Earlier this week, NCR’s Joshua J. McElwee reported that, on April 1, Pope Francis met with Bishop Bernard Fellay, the Superior General of the Society of St. Pius X. Founded in 1970 by Archbishop Marcel Lefebvre, the Society widely rejects the teachings of the Second Vatican Council.
In 1988, Lefebvre decided, against orders of then-Pope John Paul II, to consecrate four new bishops. Lefebvre consecrated these men out of concern that, in the event of his death, there would be no truly orthodox bishops to ordain new priests for the society. St. John Paul II in turn excommunicated Lefebvre and his four newly minted bishops, including Fellay.
In 2009, Pope Benedict XVI lifted those excommunications in an attempt to repair relations with the group. But his efforts to bring the Society back into the fold eventually broke down.
By meeting with Fellay this past weekend, Pope Francis has taken a new step toward returning the Society of St. Pius X into full Communion with the Roman Catholic church.

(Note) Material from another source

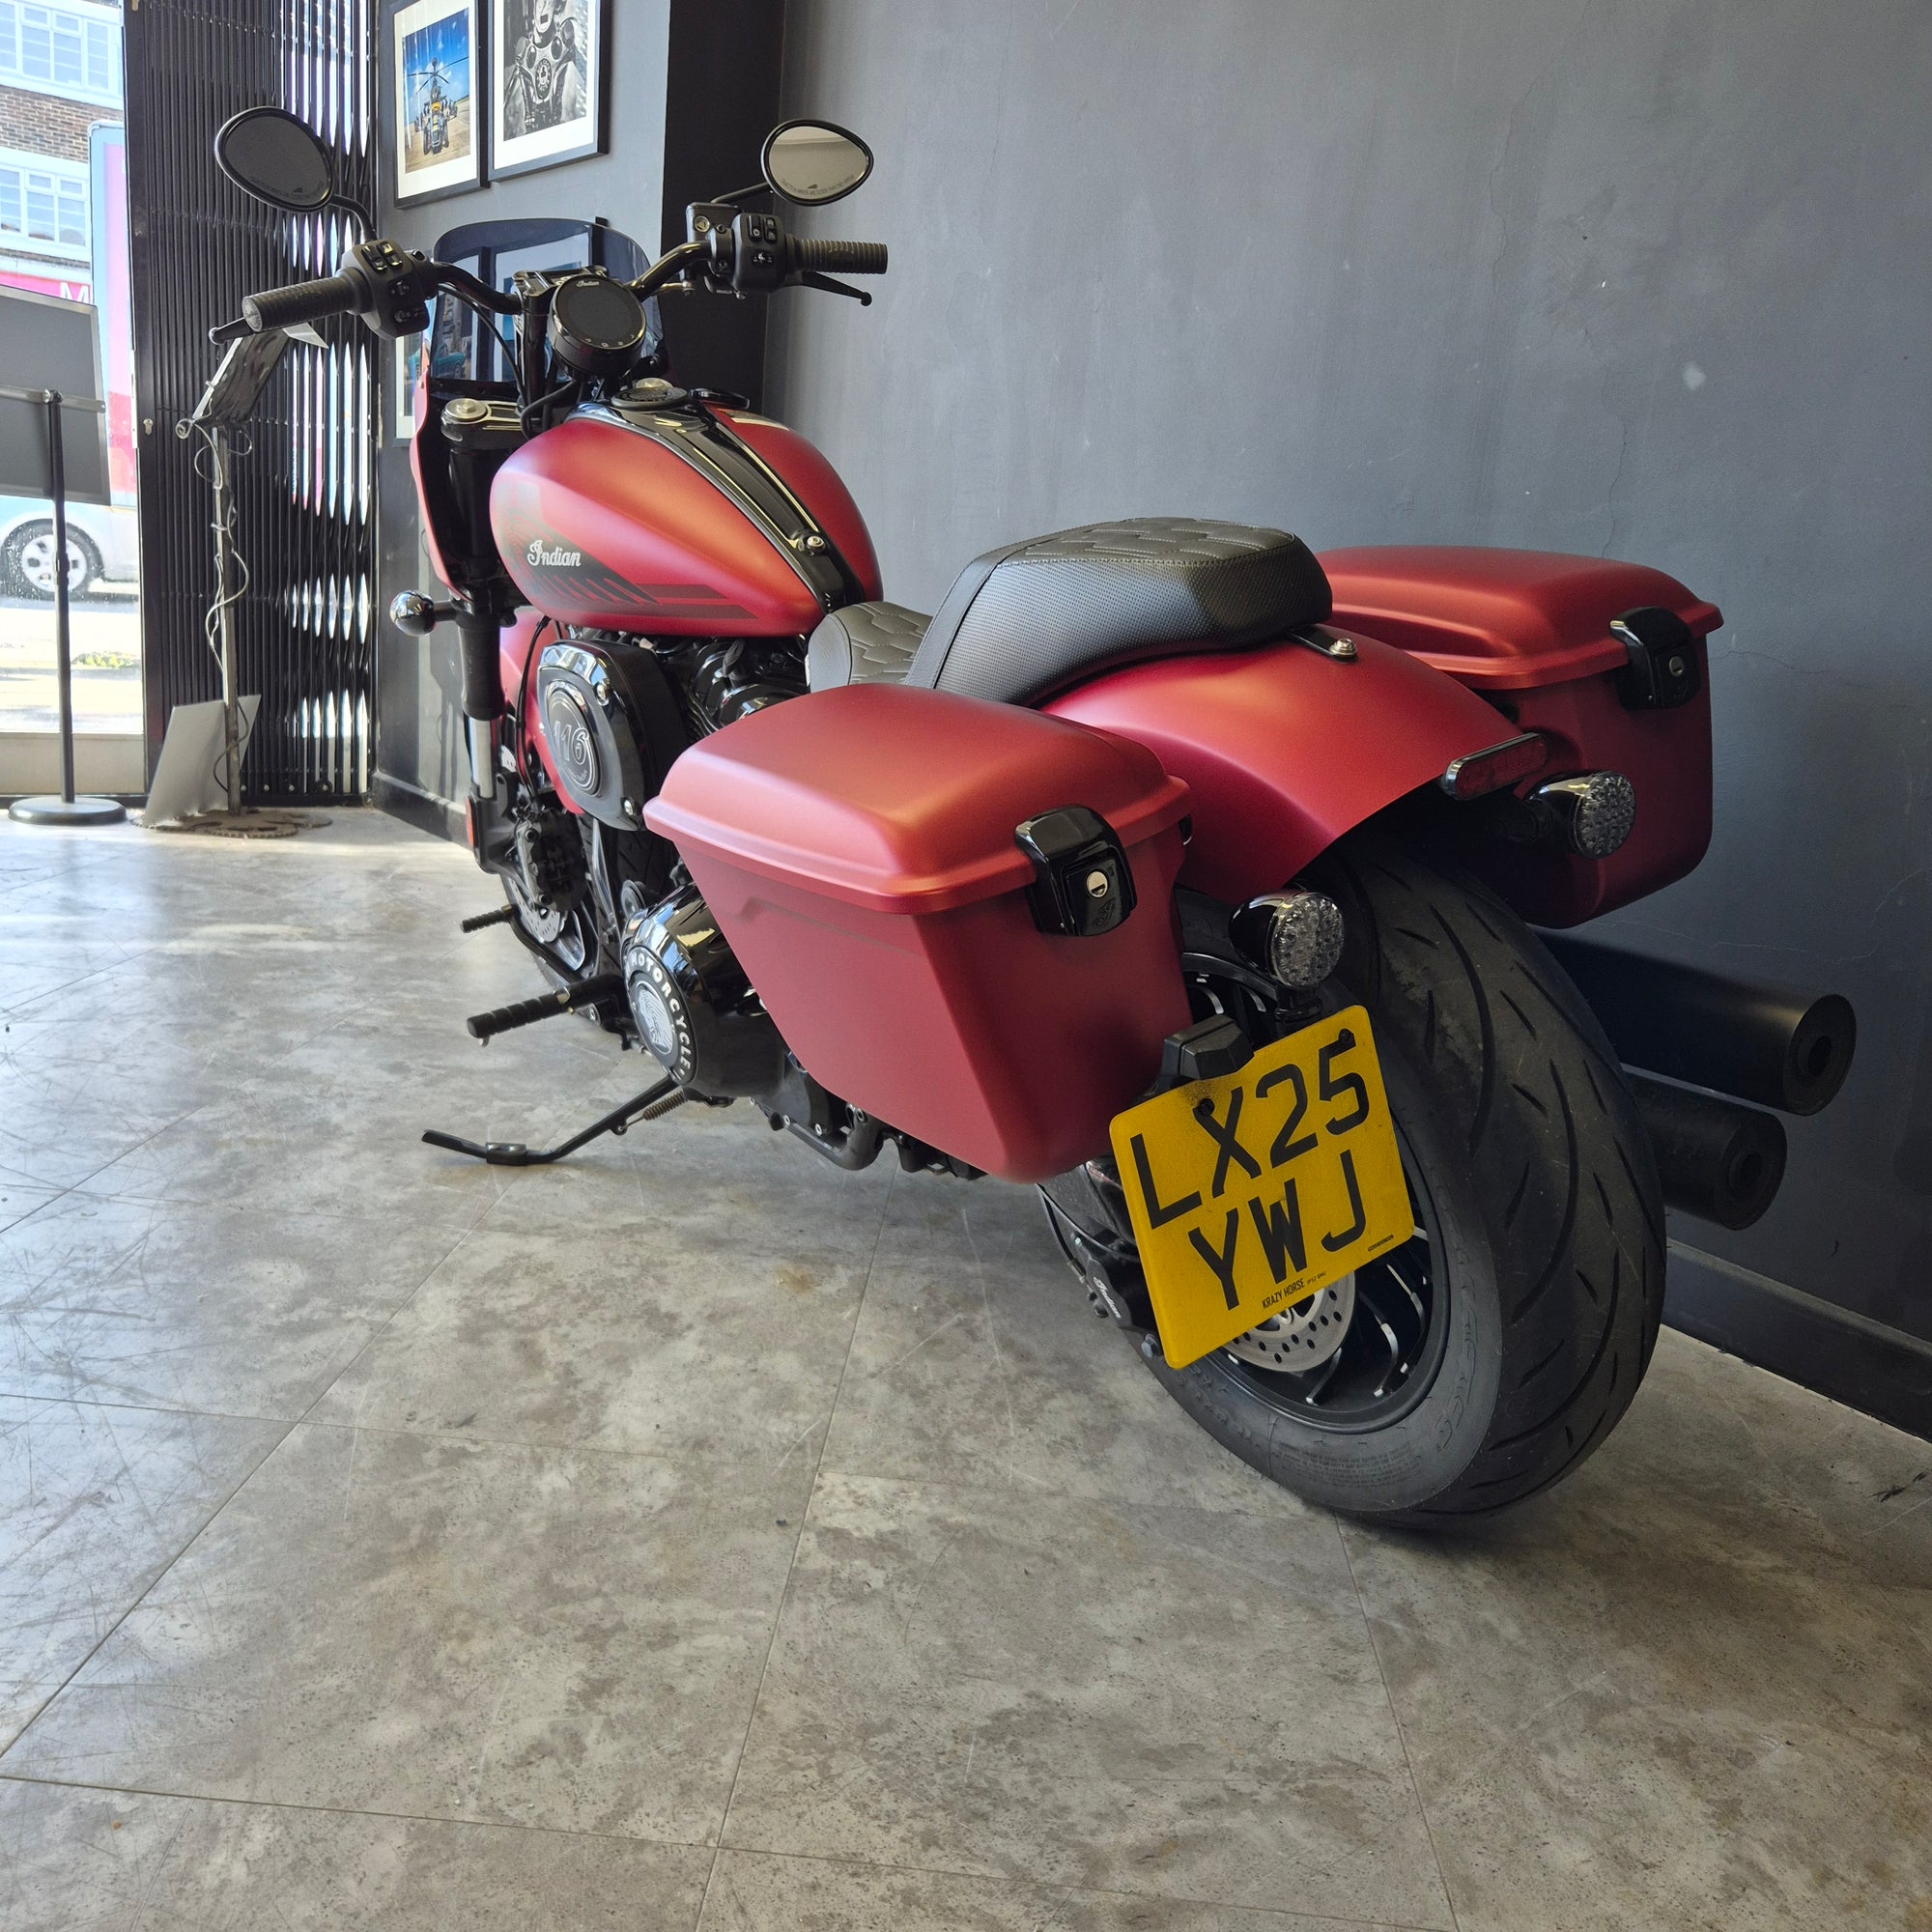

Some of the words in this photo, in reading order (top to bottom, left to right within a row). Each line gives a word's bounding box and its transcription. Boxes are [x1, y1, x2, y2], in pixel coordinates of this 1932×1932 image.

According to McElwee’s report, Fellay believes that “Francis may consider his group as existing on the ‘periphery’ and thus needing to be accompanied back to the church.”
This isn’t Francis’ first overture towards the society. Back in September, the pope announced that, during the Year of Mercy, the society’s priests would have their faculties restored to offer absolution “validly and licitly” to those who come to them for confession.
“This Jubilee Year of Mercy excludes no one,” the pontiff said in September. “I trust that in the near future solutions may be found to recover full communion with the priests and superiors of the Fraternity.”
While some may admire the pope’s latest meeting with Fellay as yet another example of his commitment to a “culture of encounter,” it also demonstrates that the Year of Mercy has its double standards.
If Francis can offer a forty-minute, private meeting to a formerly excommunicated bishop who has been performing the sacraments illicitly for decades and who believes that the Catholic church is laced with false teachings, why can’t the pope also extend the same invitation to Catholic theologians, ethicists, and lay ministers who challenge the church’s teaching on women’s ordination, the use of contraception, and the full inclusion of LGBTQ persons?
If Francis truly wishes to cultivate a culture of encounter and to include everyone in the Year of Mercy, why not welcome those women and men who have been excommunicated for expressing their belief that women deserve an equal role in decision-making authority and sacramental leadership in the church?
Why not open up a dialogue with the Roman Catholic Womenpriests movement whose first priests were ordained by a valid Roman Catholic bishop? Not unlike Lefebvre, Roman Catholic Womenpriests have moved forward with consecrating their own bishops and, not unlike the society, they continue to perform the sacraments validly but not licitly. Why, then, can’t they get a hearing from the pope, too?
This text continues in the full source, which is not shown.